*** Exercise input ***
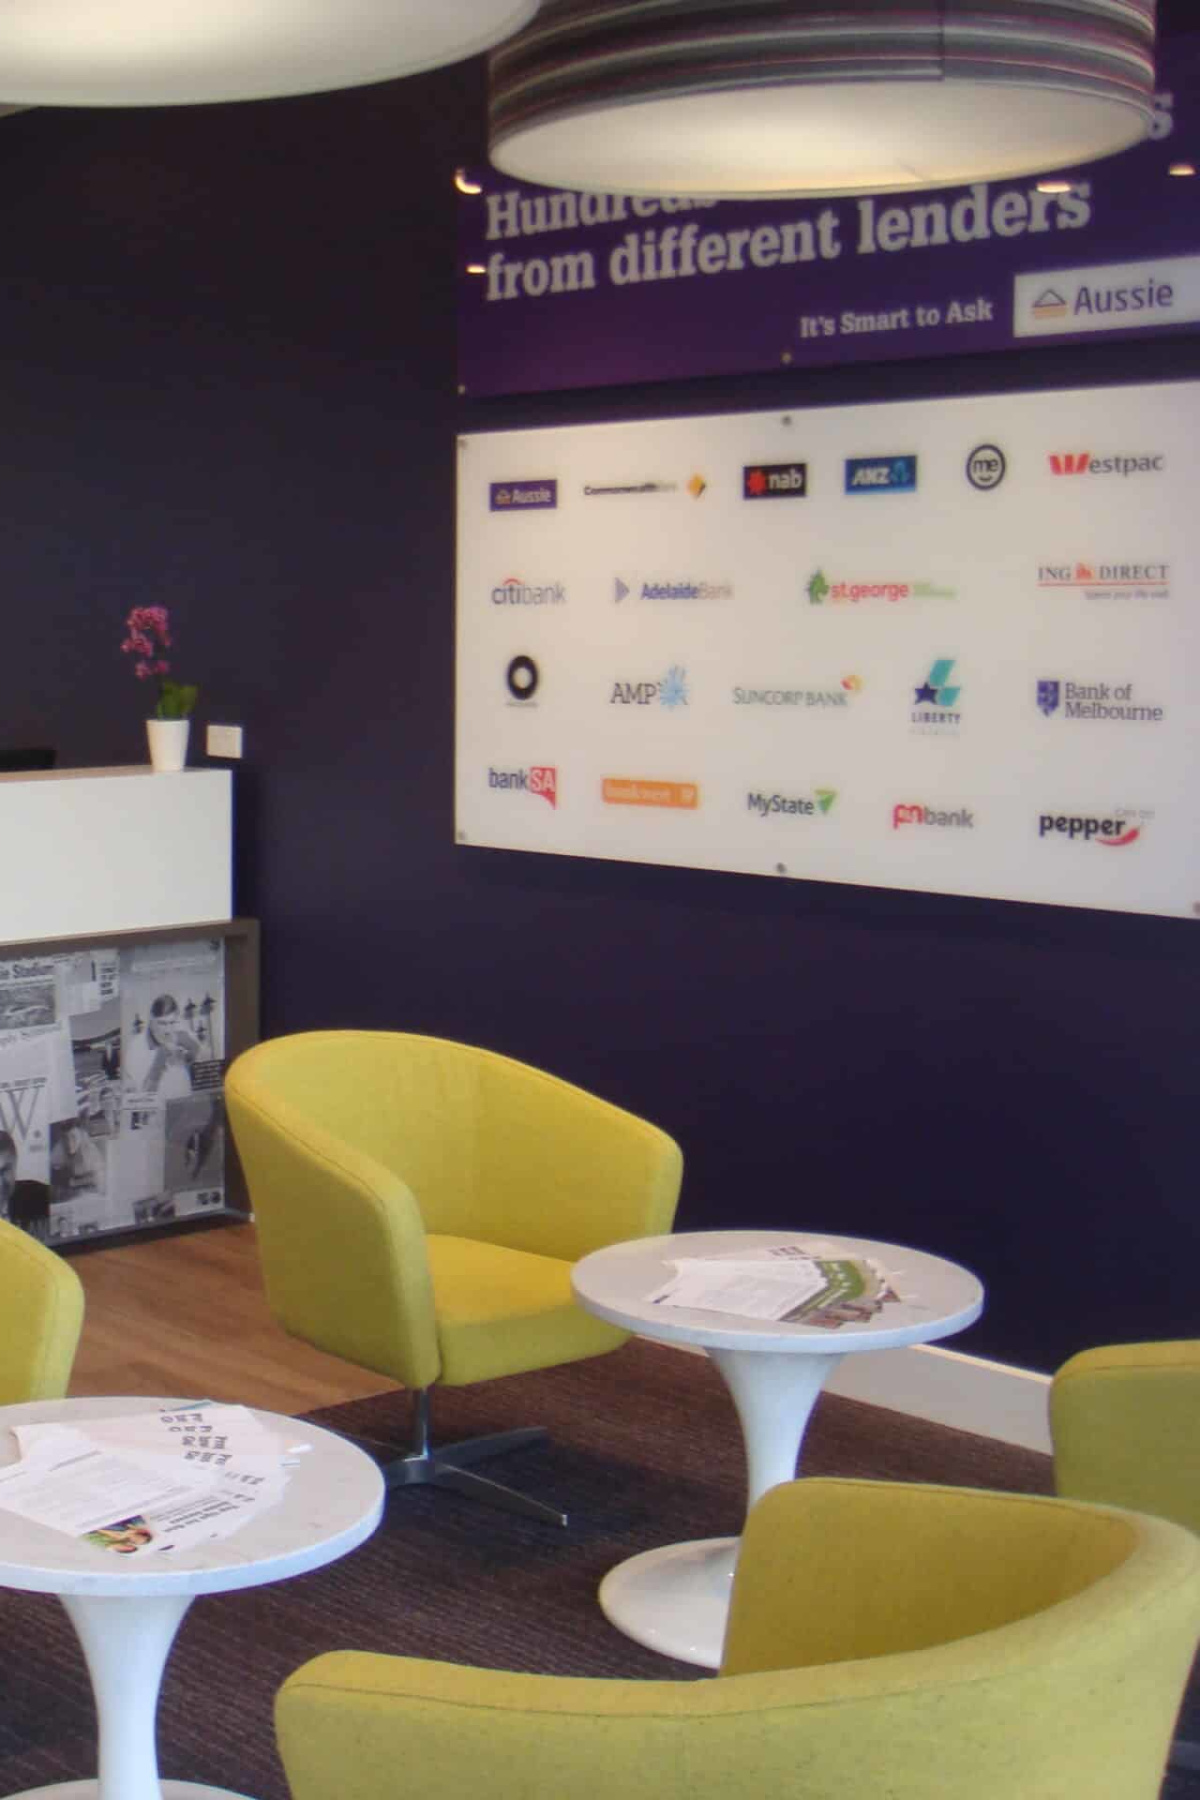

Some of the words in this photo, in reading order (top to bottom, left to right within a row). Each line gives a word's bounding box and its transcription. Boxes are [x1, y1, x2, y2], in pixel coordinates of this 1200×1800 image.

[486, 190, 718, 241] Hundre
[486, 252, 596, 301] from
[609, 206, 842, 286] different
[857, 183, 1091, 255] lenders
[1073, 278, 1174, 316] Aussie
[800, 316, 835, 339] It's
[840, 309, 909, 335] Smart
[916, 303, 940, 328] to
[945, 297, 994, 325] Ask
[972, 457, 1000, 474] me
[1049, 452, 1164, 477] Westpac
[768, 468, 803, 490] nab
[851, 467, 891, 486] ANZ
[1037, 565, 1072, 581] ING
[1099, 563, 1171, 581] DIRECT
[491, 580, 567, 606] citibank
[609, 683, 657, 705] AMP
[1065, 682, 1110, 701] Bank
[1114, 683, 1133, 701] of
[911, 711, 962, 724] LIBERTY
[1065, 701, 1164, 722] Melbourne
[747, 793, 815, 817] MyState
[1039, 813, 1127, 840] pepper
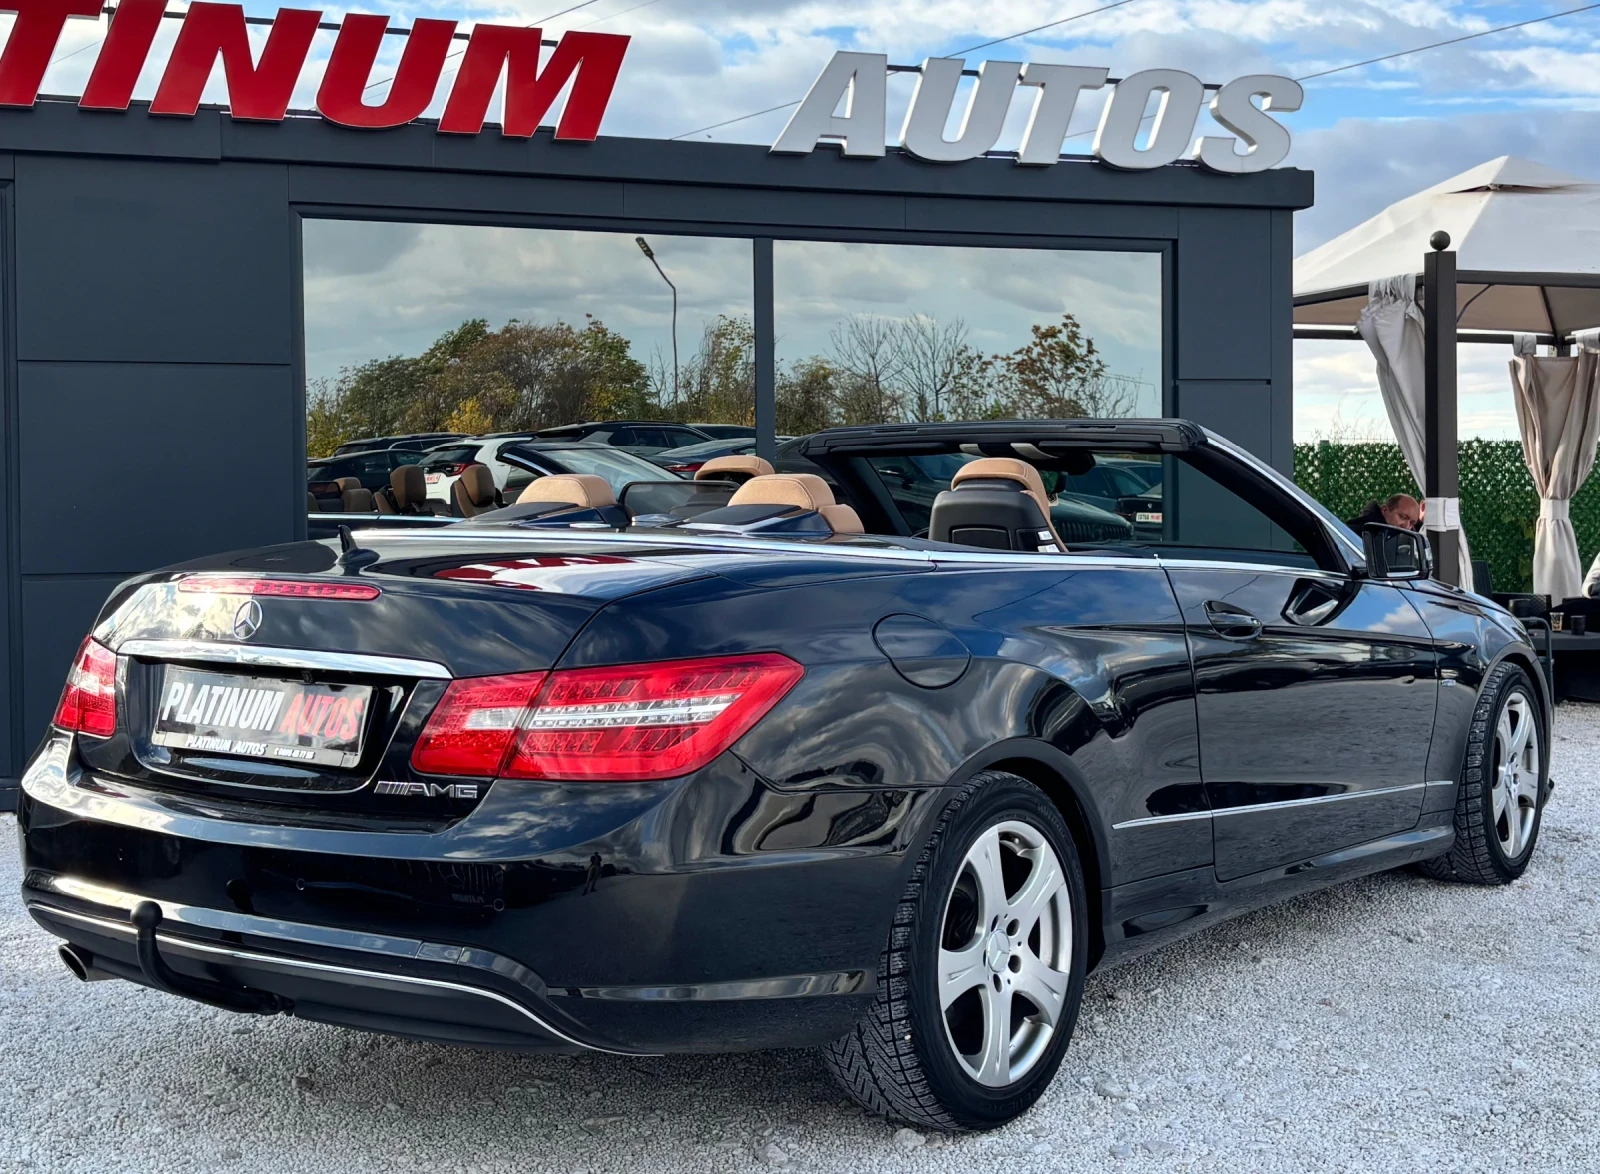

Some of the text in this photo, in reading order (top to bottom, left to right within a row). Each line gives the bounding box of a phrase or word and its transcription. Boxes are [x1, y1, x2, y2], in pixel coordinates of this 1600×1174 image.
*** End of Exercise input ***
Write out each entry again exactly, and skip the pictures.

Some of the words in this photo, in reading order (top to bottom, left to right within a row). Each line gives a word's bounding box and its transcription. Boxes are [x1, y1, x2, y2], in pixel coordinates of this 1200×1800 image.

[486, 190, 718, 241] Hundre
[486, 252, 596, 301] from
[609, 206, 842, 286] different
[857, 183, 1091, 255] lenders
[1073, 278, 1174, 316] Aussie
[800, 316, 835, 339] It's
[840, 309, 909, 335] Smart
[916, 303, 940, 328] to
[945, 297, 994, 325] Ask
[972, 457, 1000, 474] me
[1049, 452, 1164, 477] Westpac
[768, 468, 803, 490] nab
[851, 467, 891, 486] ANZ
[1037, 565, 1072, 581] ING
[1099, 563, 1171, 581] DIRECT
[491, 580, 567, 606] citibank
[609, 683, 657, 705] AMP
[1065, 682, 1110, 701] Bank
[1114, 683, 1133, 701] of
[911, 711, 962, 724] LIBERTY
[1065, 701, 1164, 722] Melbourne
[747, 793, 815, 817] MyState
[1039, 813, 1127, 840] pepper

Some of the text in this photo, in reading order (top to bottom, left to right within a row). Each line gives the bounding box of a phrase or word and its transcription. Boxes are [x1, y1, x2, y2], in pixel coordinates of this 1600×1174 image.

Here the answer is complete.